● Problem
When you restate the records, do so word for word and omit any picture they contain.

=== Begin Enclosure ===

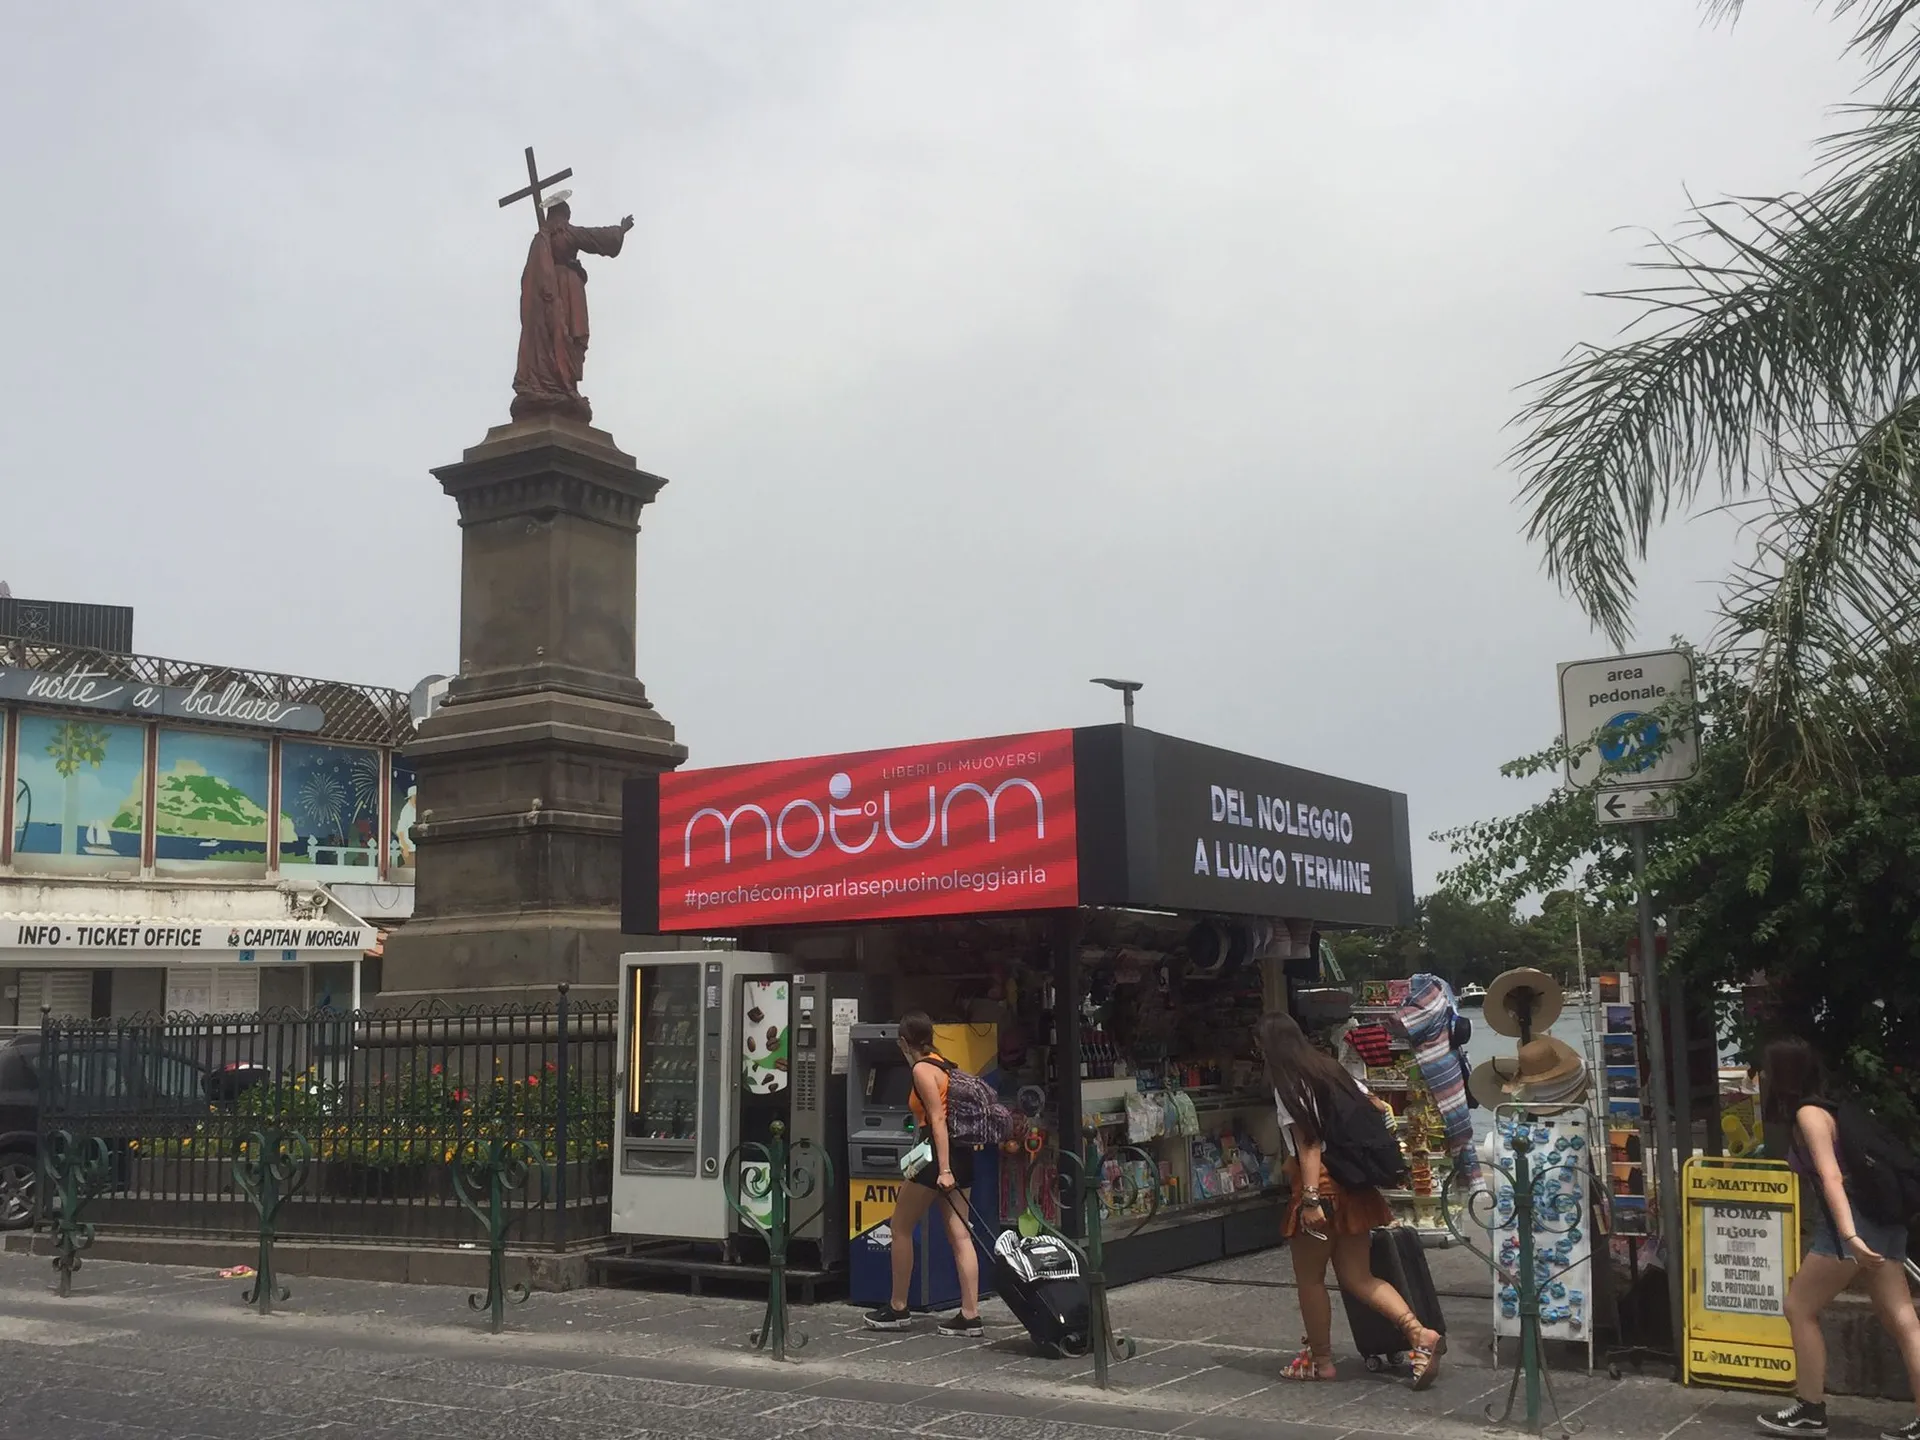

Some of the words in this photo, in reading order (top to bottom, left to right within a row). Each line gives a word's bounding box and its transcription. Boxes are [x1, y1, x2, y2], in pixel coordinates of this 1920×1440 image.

[1607, 667, 1643, 682] area
[27, 664, 124, 702] notte
[132, 686, 160, 708] a
[180, 674, 301, 722] ballare
[1589, 684, 1666, 707] pedonale
[883, 765, 930, 780] LIBERI
[937, 762, 952, 773] DI
[958, 752, 1042, 771] MUOVERSI
[1210, 784, 1254, 828] DEL
[1257, 794, 1353, 845] NOLEGGIO
[1194, 838, 1210, 876] A
[1215, 841, 1287, 885] LUNGO
[1291, 852, 1371, 895] TERMINE
[685, 864, 1046, 909] #perchécomprarlasepuoinoleggiarla
[18, 925, 61, 945] INFO
[77, 927, 140, 946] TICKET
[144, 928, 202, 947] OFFICE
[243, 929, 301, 947] CAPITAN
[305, 930, 360, 947] MORGAN
[1692, 1178, 1707, 1189] IL
[1717, 1179, 1788, 1194] MATTINO
[1713, 1207, 1772, 1220] ROMA
[1724, 1268, 1760, 1282] RIFLETTORI
[1711, 1281, 1723, 1293] SUL
[1725, 1282, 1766, 1297] PROTOCOLLO
[1768, 1285, 1775, 1297] DI
[1707, 1295, 1742, 1308] SICUREZZA
[1743, 1297, 1758, 1309] ANTI
[1760, 1299, 1780, 1312] COVID
[1692, 1351, 1707, 1363] IL
[1718, 1352, 1791, 1371] MATTINO
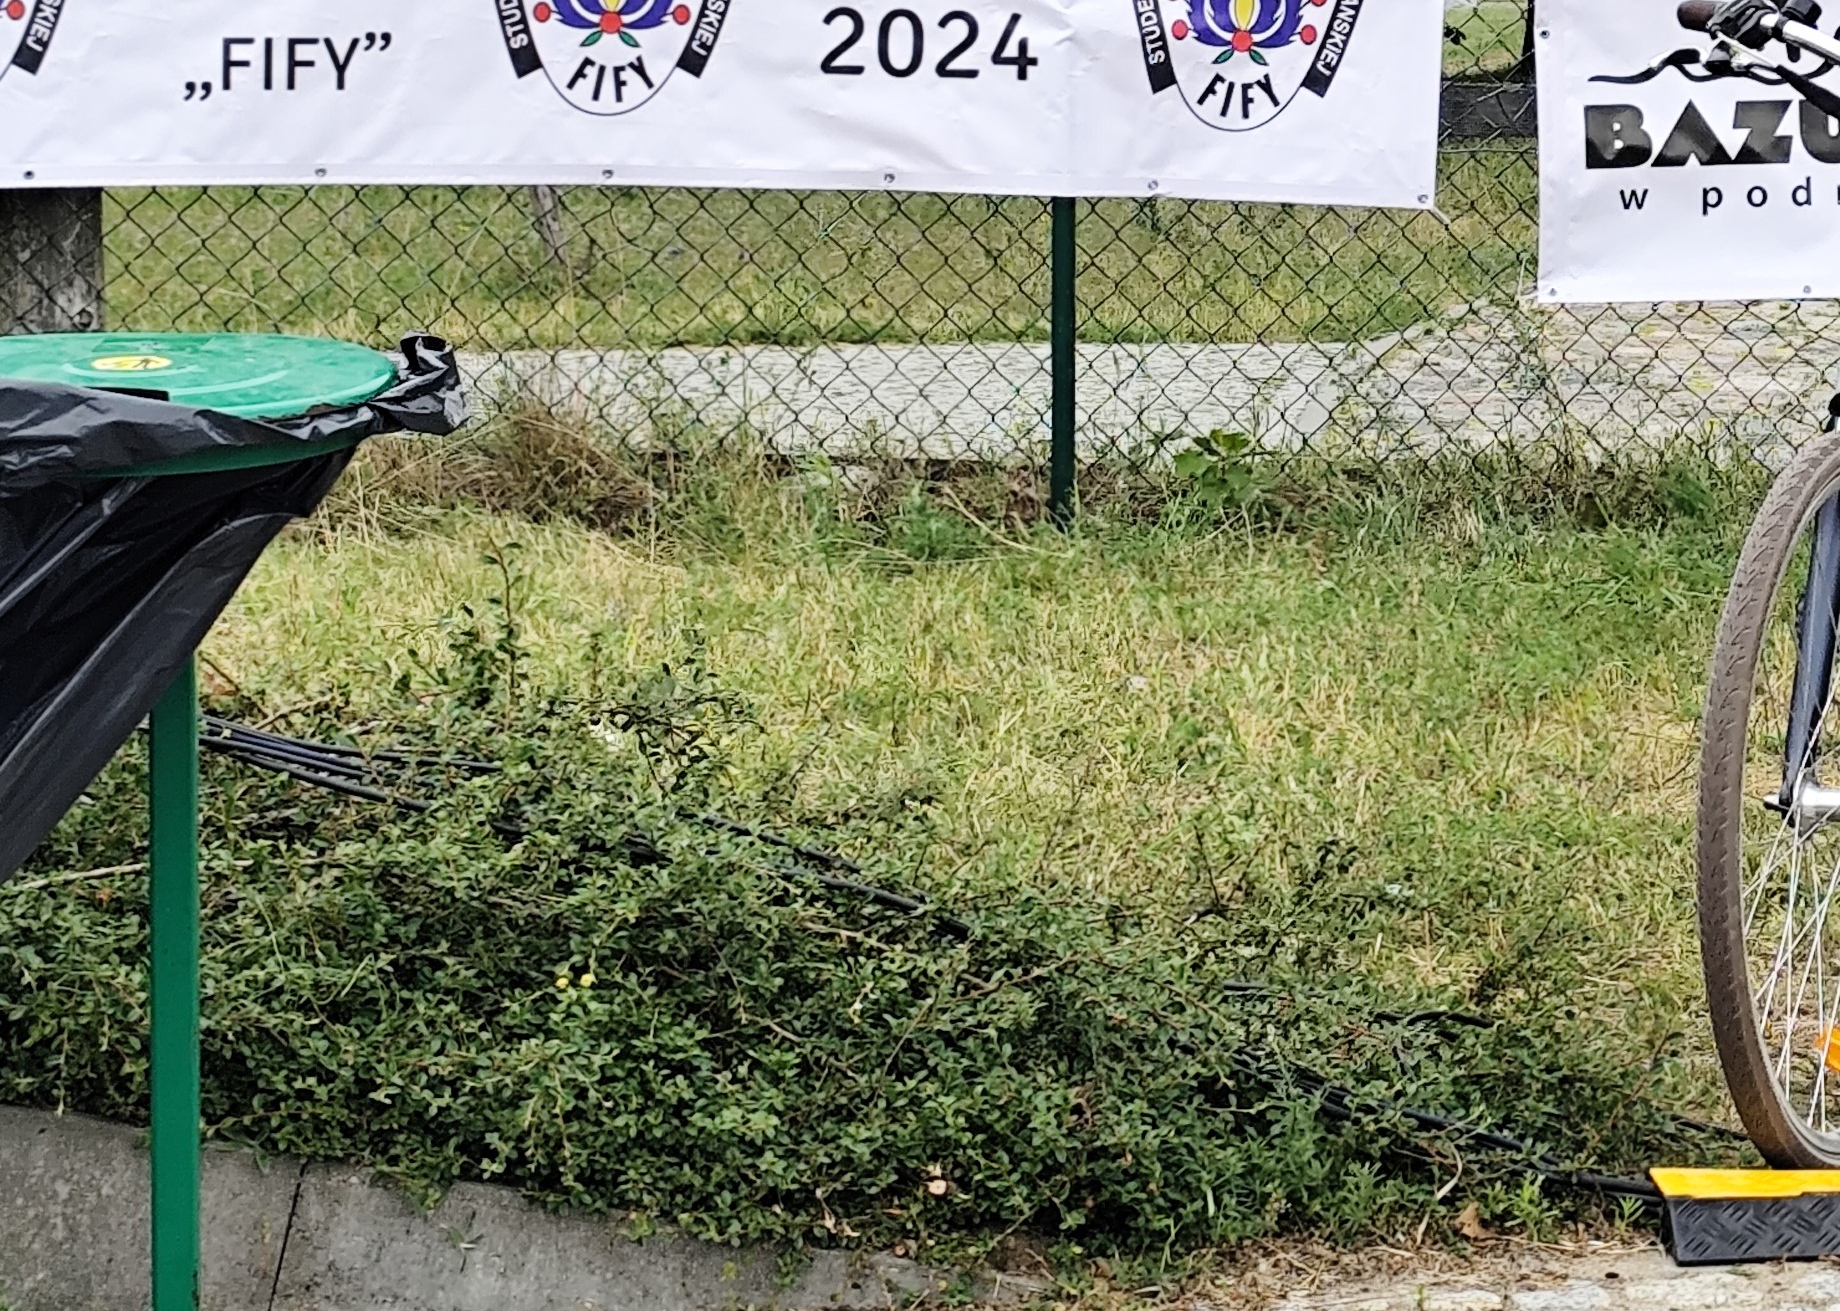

=== End Enclosure ===

● Response to the task
Some of the words in this photo, in reading order (top to bottom, left to right within a row). Each line gives a word's bounding box and its transcription. Boxes are [x1, y1, x2, y2], in pixel coordinates of this 1920×1440 image.

[1607, 667, 1643, 682] area
[27, 664, 124, 702] notte
[132, 686, 160, 708] a
[180, 674, 301, 722] ballare
[1589, 684, 1666, 707] pedonale
[883, 765, 930, 780] LIBERI
[937, 762, 952, 773] DI
[958, 752, 1042, 771] MUOVERSI
[1210, 784, 1254, 828] DEL
[1257, 794, 1353, 845] NOLEGGIO
[1194, 838, 1210, 876] A
[1215, 841, 1287, 885] LUNGO
[1291, 852, 1371, 895] TERMINE
[685, 864, 1046, 909] #perchécomprarlasepuoinoleggiarla
[18, 925, 61, 945] INFO
[77, 927, 140, 946] TICKET
[144, 928, 202, 947] OFFICE
[243, 929, 301, 947] CAPITAN
[305, 930, 360, 947] MORGAN
[1692, 1178, 1707, 1189] IL
[1717, 1179, 1788, 1194] MATTINO
[1713, 1207, 1772, 1220] ROMA
[1724, 1268, 1760, 1282] RIFLETTORI
[1711, 1281, 1723, 1293] SUL
[1725, 1282, 1766, 1297] PROTOCOLLO
[1768, 1285, 1775, 1297] DI
[1707, 1295, 1742, 1308] SICUREZZA
[1743, 1297, 1758, 1309] ANTI
[1760, 1299, 1780, 1312] COVID
[1692, 1351, 1707, 1363] IL
[1718, 1352, 1791, 1371] MATTINO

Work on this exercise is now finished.